Posted: Fri Jul 19, 2013 2:37 am
by Clearly
Thats funny, I'm the exact opposite. If it were up to me, they'd all be science passages! The important parts (authors tone, main point, critics view etc) are usually pretty clear cut in science passages. The only one that's ever really messed me up is Riddles Basins of Attraction, which was a genuine lsat wtf moment for me the first time through.

Re: Dealing with the Hard Sciences in RC

Posted: Fri Jul 19, 2013 4:36 am
by scandk
Do you guys do anything differently when approaching hard sciences? I've finished MLSAT RC, and I'm going -2/3 on RC. But the -2/3 all come from the hard sciences section; I haven't gotten a humanities/social science/law passage question wrong post-Manhattan. I'm planning on drilling hard science passages extensively with the hopes of eventually being able to -0/1 RC. Will repetition & practice with Hard Sciences solve this problem, or, as I mentioned earlier, is there a different approach to hard science passages?

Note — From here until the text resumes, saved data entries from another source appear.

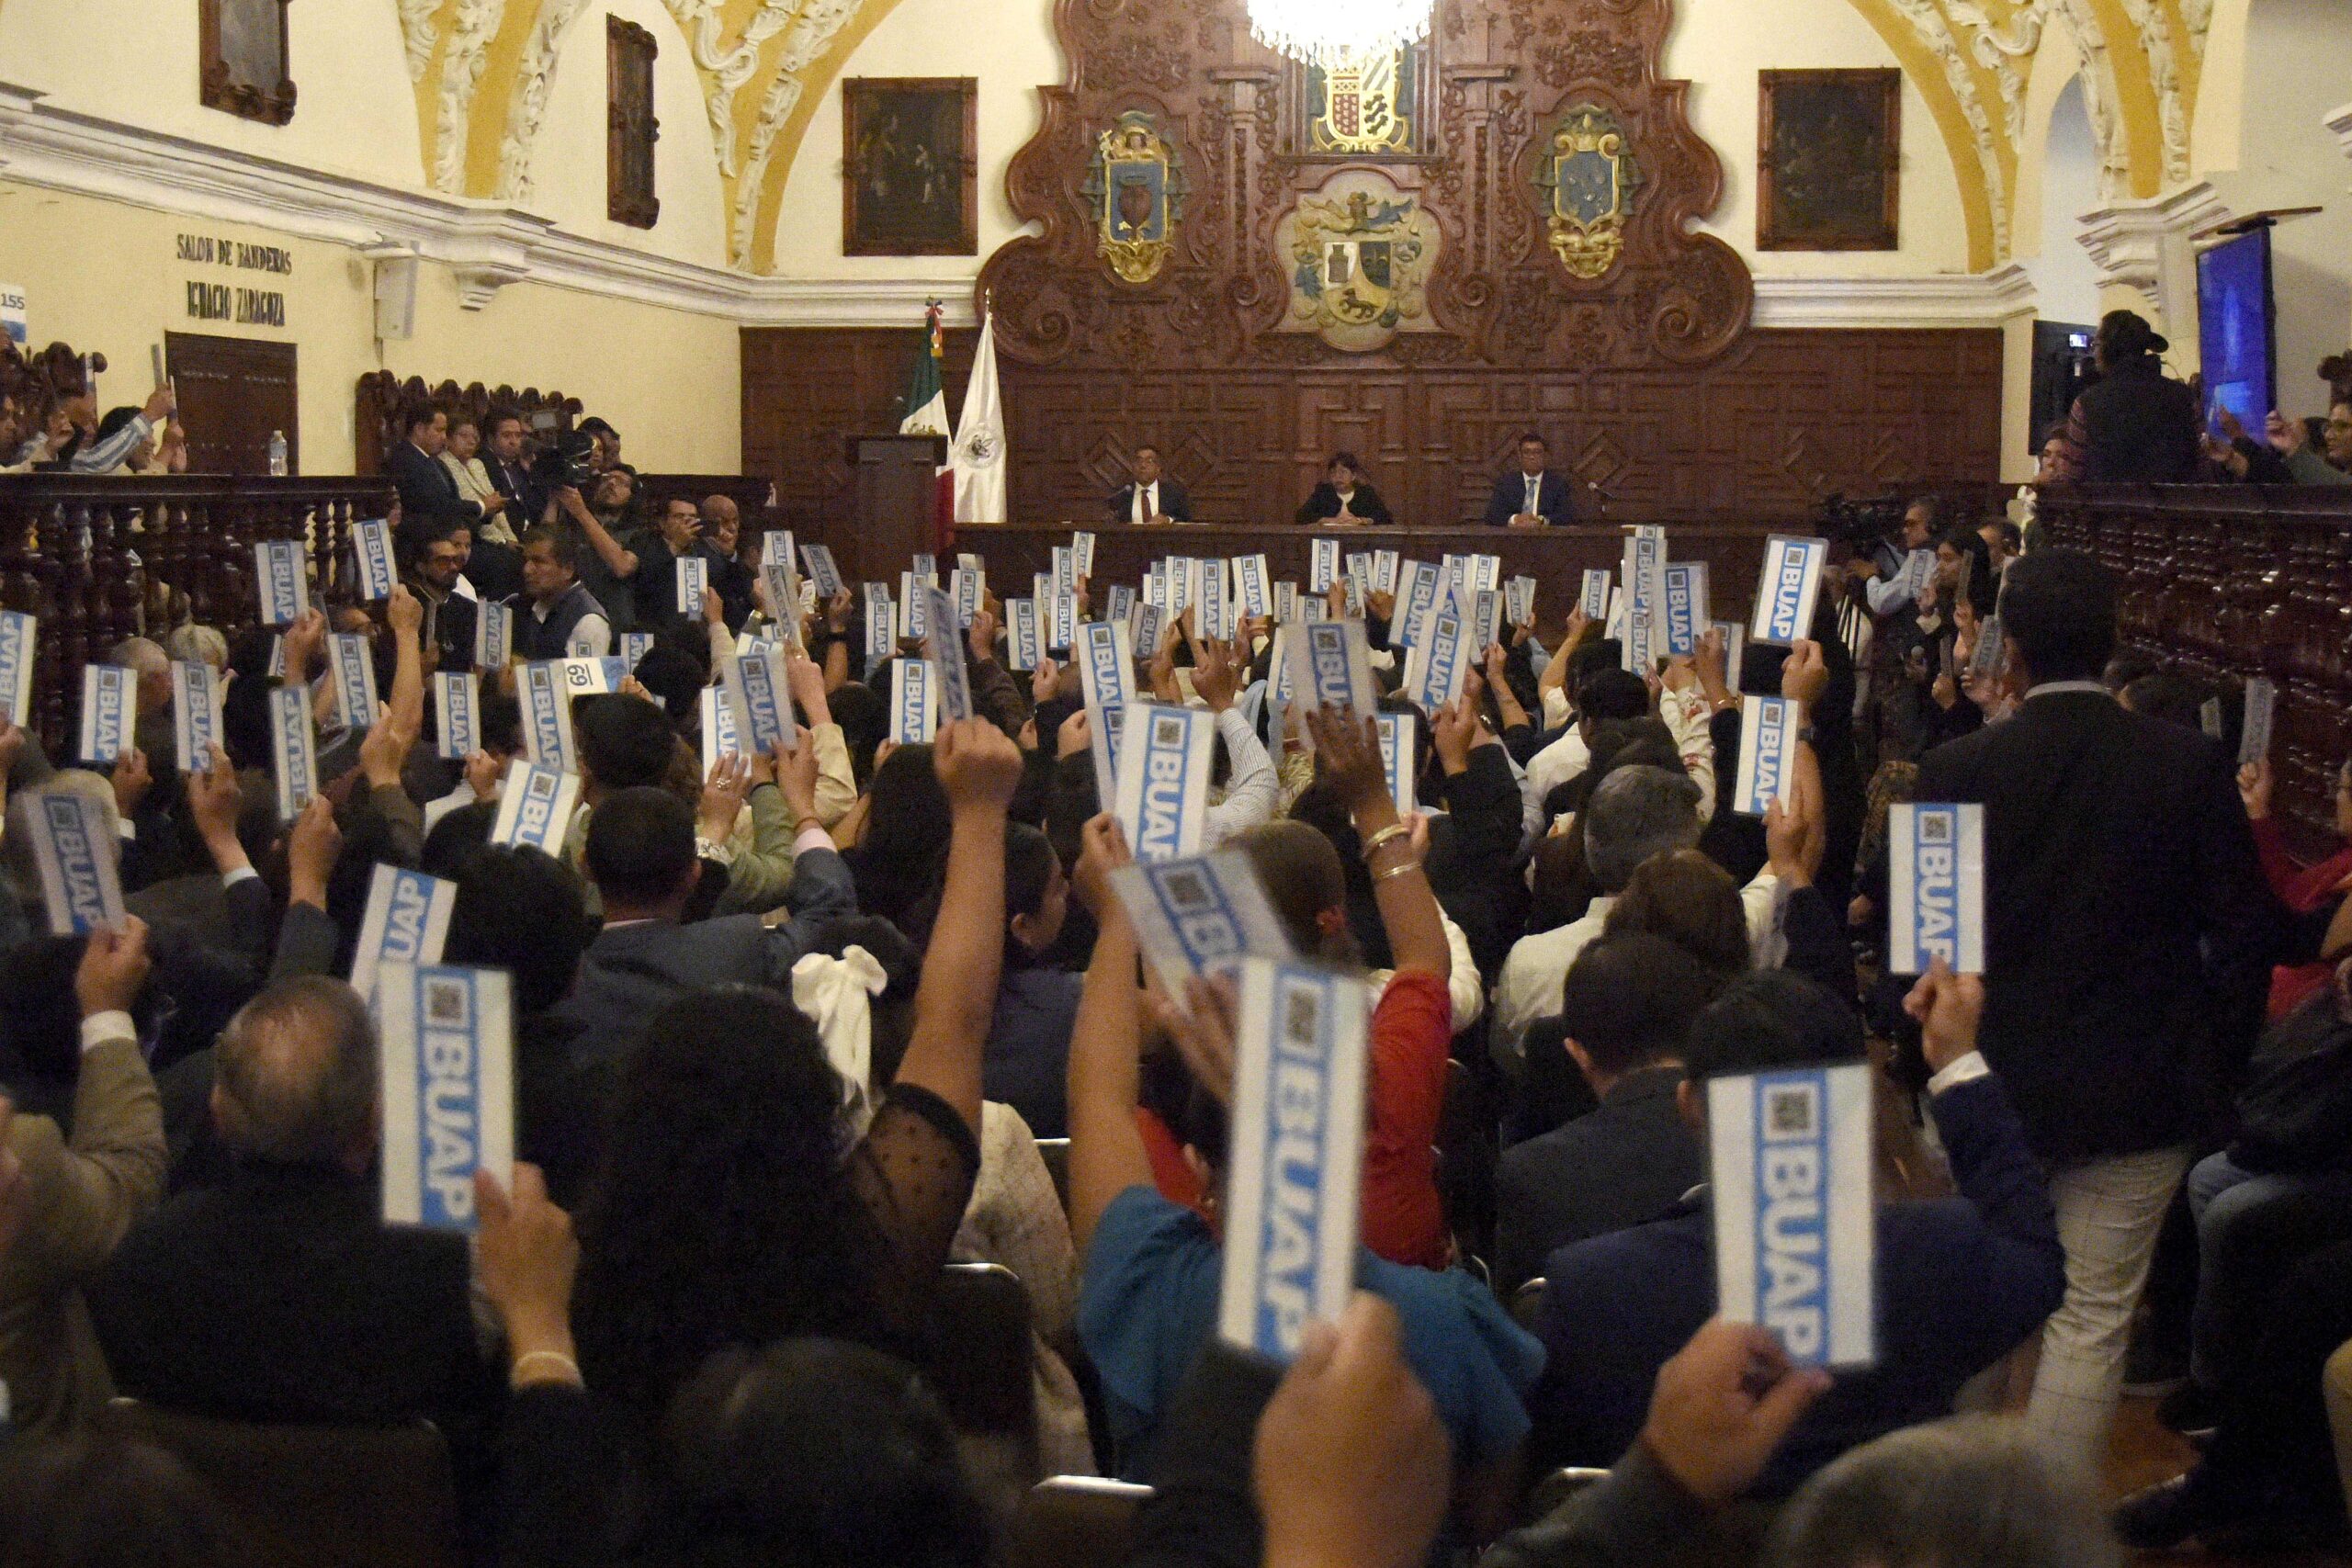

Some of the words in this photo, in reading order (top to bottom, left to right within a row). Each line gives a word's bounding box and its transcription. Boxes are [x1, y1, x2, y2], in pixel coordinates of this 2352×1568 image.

[218, 239, 232, 265] DE
[1, 293, 25, 310] 155
[187, 280, 232, 321] IGNACIO
[274, 561, 295, 620] BUAP
[368, 539, 389, 595] BUAP
[687, 570, 699, 611] BUAP
[1060, 562, 1071, 594] BUAP
[1244, 570, 1261, 614] BUAP
[1319, 554, 1330, 591] BUAP
[1637, 555, 1653, 607] BUAP
[960, 585, 975, 626] BUAP
[1205, 581, 1218, 637] BUAP
[1588, 581, 1601, 616] BUAP
[1668, 591, 1690, 651] BUAP
[1771, 567, 1803, 637] BUAP
[875, 616, 887, 654] BUAP
[1019, 617, 1036, 668] BUAP
[1058, 608, 1069, 646] BUAP
[345, 660, 368, 724] BUAP
[567, 664, 588, 686] 69
[1094, 647, 1122, 706] BUA
[1426, 638, 1454, 705] BUAP
[98, 692, 119, 759] BUAP
[285, 692, 307, 782] BUAP
[905, 682, 923, 742] BUAP
[515, 799, 550, 848] BU
[386, 875, 426, 962] UAP
[424, 1032, 475, 1221] BUAP
[1762, 1145, 1823, 1357] BUAP

Re: Dealing with the Hard Sciences in RC

Posted: Fri Jul 19, 2013 4:41 am
by Clearly
scandk wrote:Do you guys do anything differently when approaching hard sciences? I've finished MLSAT RC, and I'm going -2/3 on RC. But the -2/3 all come from the hard sciences section; I haven't gotten a humanities/social science/law passage question wrong post-Manhattan. I'm planning on drilling hard science passages extensively with the hopes of eventually being able to -0/1 RC. Will repetition & practice with Hard Sciences solve this problem, or, as I mentioned earlier, is there a different approach to hard science passages?
Repetition helps everything on the lsat! Keep drilling them. They have their own small differences but the methods are the same. You'll get it together with hard work. Figure out which questions get you.. do you have a hard time detecting the authors tone through all the jargon, do miss the main point trying to understand the scientific terms instead?

Re: Dealing with the Hard Sciences in RC

Posted: Fri Jul 19, 2013 8:43 am
by DivineJustice
Hard sciences has been my Achilles Heel as well. It's usually the ones that contain chemistry that knock me up.

Re: Dealing with the Hard Sciences in RC

Posted: Fri Jul 19, 2013 4:07 pm
by bp shinners
The terminology for these rarely matters; when it does, they'll point you back to it. So start learning to ignore that.

Instead, focus on these things:
1) The old believe vs. the new belief
-In the science passages, there's almost always a "new belief" - something about the physical world that some scientist proved. If you can compare the old view to the new view, you should be pretty solid on the big-picture stuff.
2) How'd we get to the new belief?
-You don't need to know the details, just the general experiment that was run. They'll usually throw large words at you, but if you can sum it up as, "She poked a platypus with a stick", you'll be golden here.
3) Causal relationships
-In a lot of the more convoluted science passages, they posit a LOT of causality. If you can focus in on the sentences with causal language and figure out the cause and effect, that will usually answer a lot of questions for you.

And, as always, when in doubt go with the weaker answer. As you saw, it often works.